[Spatial localization data]
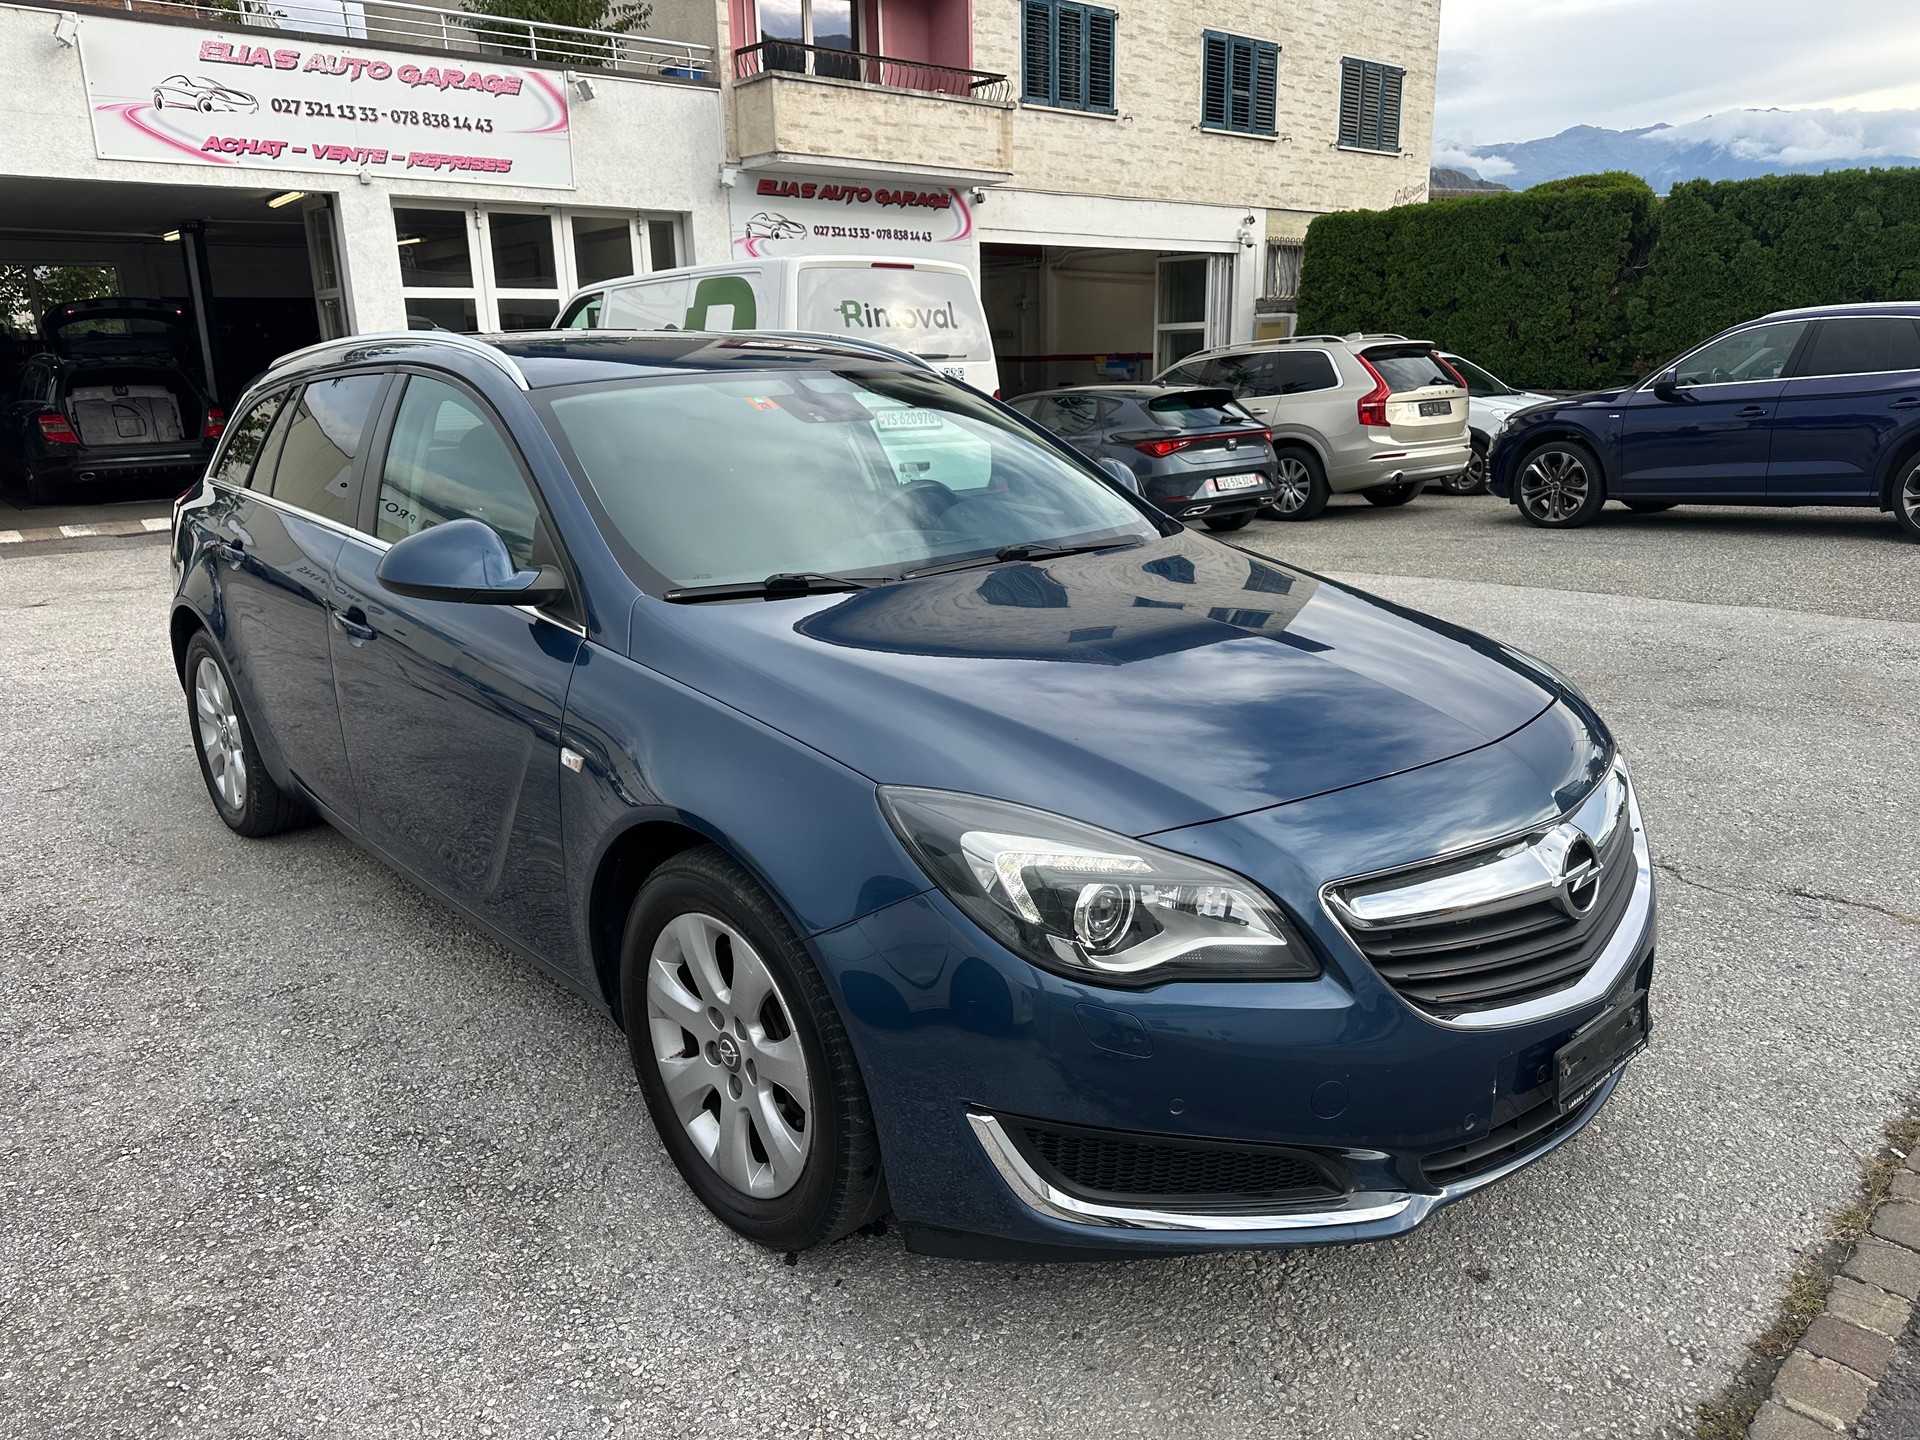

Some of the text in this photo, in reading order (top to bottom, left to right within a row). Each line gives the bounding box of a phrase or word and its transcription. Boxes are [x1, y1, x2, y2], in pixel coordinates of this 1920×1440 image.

[199, 40, 523, 98] ELIAS AUTO GARAGE
[271, 97, 300, 115] 027
[305, 101, 334, 118] 321
[338, 105, 356, 120] 13
[359, 107, 379, 123] 33
[390, 109, 419, 126] 078
[422, 112, 450, 128] 838
[453, 116, 472, 131] 14
[475, 118, 494, 133] 43
[201, 136, 287, 159] ACHAT
[311, 144, 389, 166] VENTE
[407, 152, 513, 173] REPRISES
[757, 179, 952, 211] ELIAS AUTO GARAGE
[813, 226, 829, 237] 027
[831, 227, 847, 238] 321
[849, 228, 859, 238] 13
[860, 229, 870, 239] 33
[876, 231, 892, 240] 078
[893, 232, 909, 241] 838
[910, 232, 921, 242] 14
[922, 233, 932, 242] 43
[884, 412, 935, 426] VS 620970
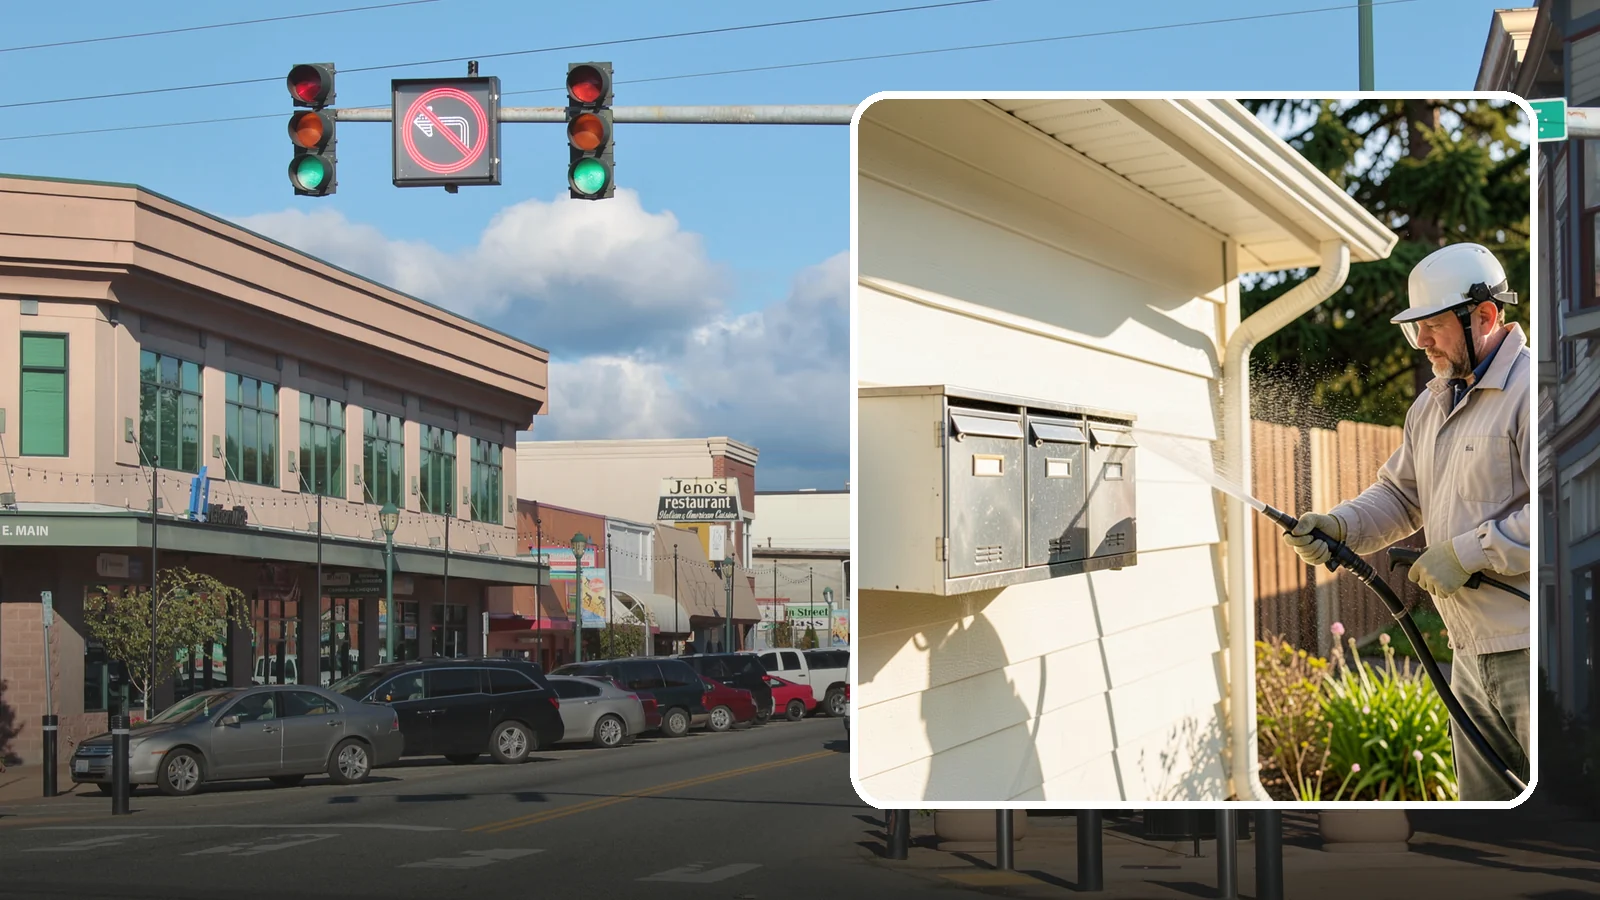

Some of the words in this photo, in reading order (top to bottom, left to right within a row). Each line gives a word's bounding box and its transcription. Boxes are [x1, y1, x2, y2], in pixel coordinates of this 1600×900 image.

[670, 480, 727, 494] Jeno's
[665, 496, 731, 509] restaurant
[686, 509, 714, 519] American
[715, 509, 737, 519] Cuisine
[2, 525, 13, 536] E.
[15, 525, 49, 536] MAIN
[797, 607, 828, 617] Street
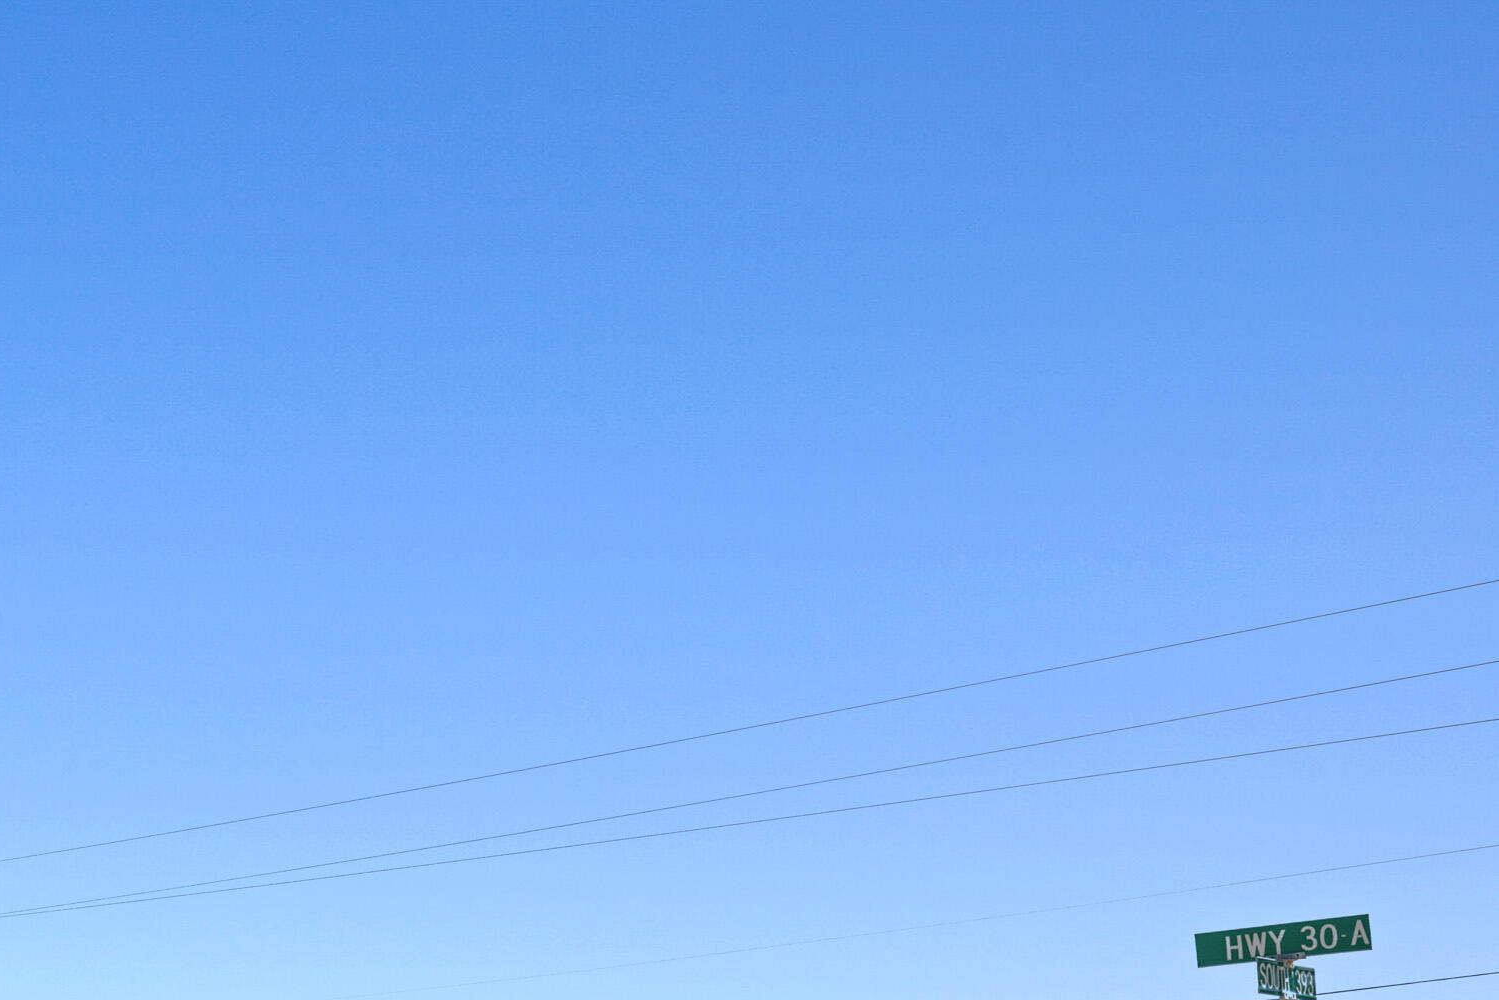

▸ Problem details: What you return must match the records above exactly, minus any images.

▸ Output below:
Some of the text in this photo, in reading order (top to bottom, left to right within a row). Each line gives the bounding box of a phrase or word and its transcription. Boxes are [x1, y1, x2, y2], in pixel coordinates of this 1920×1440 image.

[199, 40, 523, 98] ELIAS AUTO GARAGE
[271, 97, 300, 115] 027
[305, 101, 334, 118] 321
[338, 105, 356, 120] 13
[359, 107, 379, 123] 33
[390, 109, 419, 126] 078
[422, 112, 450, 128] 838
[453, 116, 472, 131] 14
[475, 118, 494, 133] 43
[201, 136, 287, 159] ACHAT
[311, 144, 389, 166] VENTE
[407, 152, 513, 173] REPRISES
[757, 179, 952, 211] ELIAS AUTO GARAGE
[813, 226, 829, 237] 027
[831, 227, 847, 238] 321
[849, 228, 859, 238] 13
[860, 229, 870, 239] 33
[876, 231, 892, 240] 078
[893, 232, 909, 241] 838
[910, 232, 921, 242] 14
[922, 233, 932, 242] 43
[884, 412, 935, 426] VS 620970

Some of the words in this photo, in reading order (top to bottom, left to right within a row). Each line gives a word's bounding box and its transcription. Boxes are [x1, y1, x2, y2], in pixel coordinates of this 1600×900 image.

[670, 480, 727, 494] Jeno's
[665, 496, 731, 509] restaurant
[686, 509, 714, 519] American
[715, 509, 737, 519] Cuisine
[2, 525, 13, 536] E.
[15, 525, 49, 536] MAIN
[797, 607, 828, 617] Street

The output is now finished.